Mit chinesischen Modellen können wir derzeit noch nicht aufwarten, dafür findet ihr in unserer Flotte E-Autos von Tesla, BMW, VW und Porsche. Wollt ihr ein Elektroauto mieten, seid ihr mit CarVia bestens beraten.

CTLC: Testverfahren aus China

BYD, MG, Xpeng und auch Nio sind starke Kontrahenten, mit denen sich die etablierten Hersteller in Deutschland und Europa seit wenigen Jahren messen müssen. Daher wird die Abkürzung CLTC immer wichtiger, je mehr Elektroautos es aus China nach Europa schaffen.

Der „China Light-Duty Vehicle Test Cycle“ (CLTC), das chinesische Prüfverfahren für leichte Nutzfahrzeuge, liefert eher unzuverlässige Messergebnisse – zumindest für unsere Verwendungszwecke sind die Angaben bedingt korrekt.

Als Teil der „China Automotive Test Cycles“ (CATC) wurde die Prüfung vom „China Automotive Technology & Research Center“ entwickelt, um einerseits den veralteten NEFZ zu ersetzen, andererseits die Unabhängigkeit von europäischen Prüfprozessen zu sichern. Die Abkürzung steht für „Neuer Europäischer Fahr-Zyklus” (NEFZ), im englischen oft mit NEDC abgekürzt. Das Verfahren war seit den 90ern im Einsatz, allerdings mit eher bescheidenen Resultaten.

Beim CLTC unterscheidet man übrigens zwischen der Testung von Passagier- und kommerziell genutzten Fahrzeugen:

  • CLTC-P: Für normale PKWs erstellt.
  • CLTC-C: Für Kleinbusse, Transporter und andere mehrspurige Fahrzeuge bis 3,5 Tonnen.

WLTP & CLTC: Worin unterscheiden sich die Messverfahren?

China hatte zwar an den Diskussionen zum WLTC teilgenommen, sich jedoch letzten Endes für einen eigenen Weg entschieden. Einerseits sollte natürlich die Unabhängigkeit gewahrt werden, andererseits fand man, dass sich die Verwendung von Fahrzeugen je nach Land zu stark unterschied.

China hat also auf Basis der WLTP-Testung seinen eigenen Zyklus entwickelt. Dabei liegt der Fokus auf den eigenen Straßenverkehrsregeln und Verwendungszwecken, beispielsweise auf eine niedrigere Spitzengeschwindigkeit: statt der maximal 131 km/h wurde mit 114 km/h getestet. Hinzu kommen mehr Leerlaufphasen, mit der Simulation von Ampel-Stau rückt auch der Stadtverkehr stärker in den Vordergrund.

Der CLTC wird seit 2020 für rein batterieelektrisch betriebene Fahrzeuge, Autos mit Brennstoffzellen und schwere Nutzfahrzeuge verwendet. Noch bis 2025 verwendet Fernost allerdings weiter WLTP mit – wenn auch nur für leichte Nutzfahrzeuge, Plug-in-Hybride und Fahrzeuge mit alternativen Kraftstoffen.

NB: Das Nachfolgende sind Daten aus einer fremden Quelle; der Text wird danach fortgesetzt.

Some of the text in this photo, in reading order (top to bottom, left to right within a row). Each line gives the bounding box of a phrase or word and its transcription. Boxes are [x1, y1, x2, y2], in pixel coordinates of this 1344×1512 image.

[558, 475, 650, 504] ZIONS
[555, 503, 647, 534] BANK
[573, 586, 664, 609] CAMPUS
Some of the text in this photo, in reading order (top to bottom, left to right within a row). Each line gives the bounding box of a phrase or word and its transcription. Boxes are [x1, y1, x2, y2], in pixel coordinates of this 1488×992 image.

Sagen euch die Abkürzungen nichts? In unserem Blog-Beitrag zu WLTP-Reichweite und WLTC sehen wir uns das europäische Testverfahren genauer an.

CLTC: So wird die E-Auto-Reichweite ermittelt

Ausführlich ist der Test nicht unbedingt, in genau 30 Minuten werden alle benötigten Informationen gesammelt. Insgesamt werden dabei weniger als 15 Kilometer zurückgelegt – über die Aussagekraft lässt sich also streiten.

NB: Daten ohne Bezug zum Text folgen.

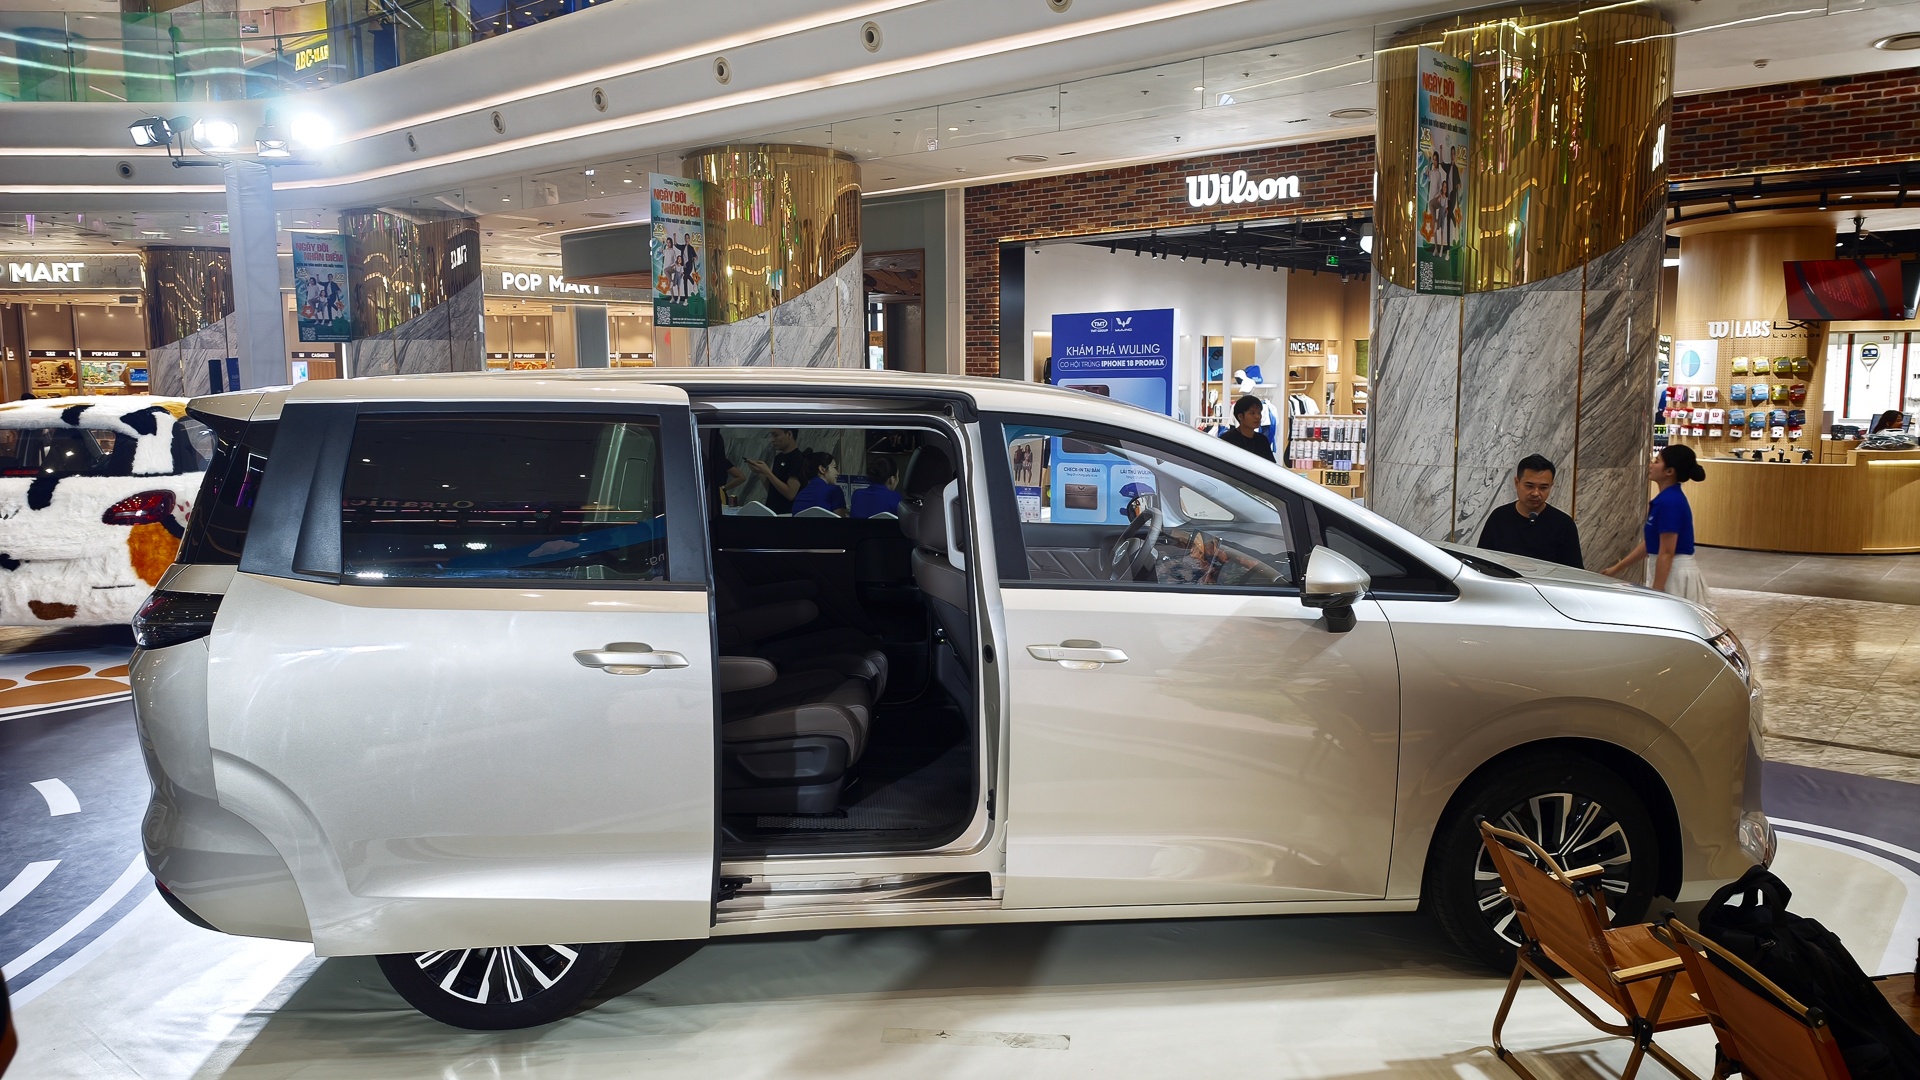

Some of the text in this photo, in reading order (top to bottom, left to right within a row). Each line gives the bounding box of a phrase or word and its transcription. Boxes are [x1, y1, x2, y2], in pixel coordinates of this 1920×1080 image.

[653, 188, 673, 202] NGÀY
[1186, 170, 1301, 207] Wilson
[661, 202, 682, 216] NHÂN
[8, 262, 85, 283] MART
[501, 272, 543, 292] POP
[1735, 320, 1771, 338] LABS
[1066, 342, 1161, 356] KHÁM PHÁ WULING
[1101, 360, 1126, 368] IPHONE
[1135, 359, 1165, 367] PROMAX

Aufgeteilt ist der Test in drei Abschnitte: einen mit geringer, dann mit mittlerer und schließlich mit hoher Geschwindigkeit. Da viel in der Stadt getestet wird und damit eine niedrigere Geschwindigkeit sowie viele Beschleunigungs- und Bremsvorgänge einhergehen, ist der durchschnittliche Verbrauch viel höher als bei der NEDC oder der WLTC.

Sind die CLTC-Angaben schlicht falsch?

Nein, das sind sie nicht – also zumindest lässt sich das nicht pauschal sagen. Wie bereits erwähnt, ist das Verfahren speziell für den chinesischen Markt entwickelt worden. Der zugrundeliegende Ansatz ist dabei ziemlich genial.

Die Verantwortlichen folgten über einen Zeitraum von drei Jahren jeder einzelnen Fahrt von mehreren Tausend Fahrzeugen. Anschließend wurden die Daten mit Informationen von Flottenbesitzern verrechnet. Der Testzyklus basiert also auf den Erkenntnissen aus mehreren Millionen gefahrenen Kilometern – in China. Das Ergebnis eines CLTC-Tests kann also bei uns komplett irreführen, während es in China fast deckungsgleich mit der real erreichten Reichweite sein kann.

Seid ihr also in hauptsächlich warmen und milden Klimazonen sowie in Stadtgebieten unterwegs, kann die angegebene CLTC-Reichweite über 95 Prozent genau sein.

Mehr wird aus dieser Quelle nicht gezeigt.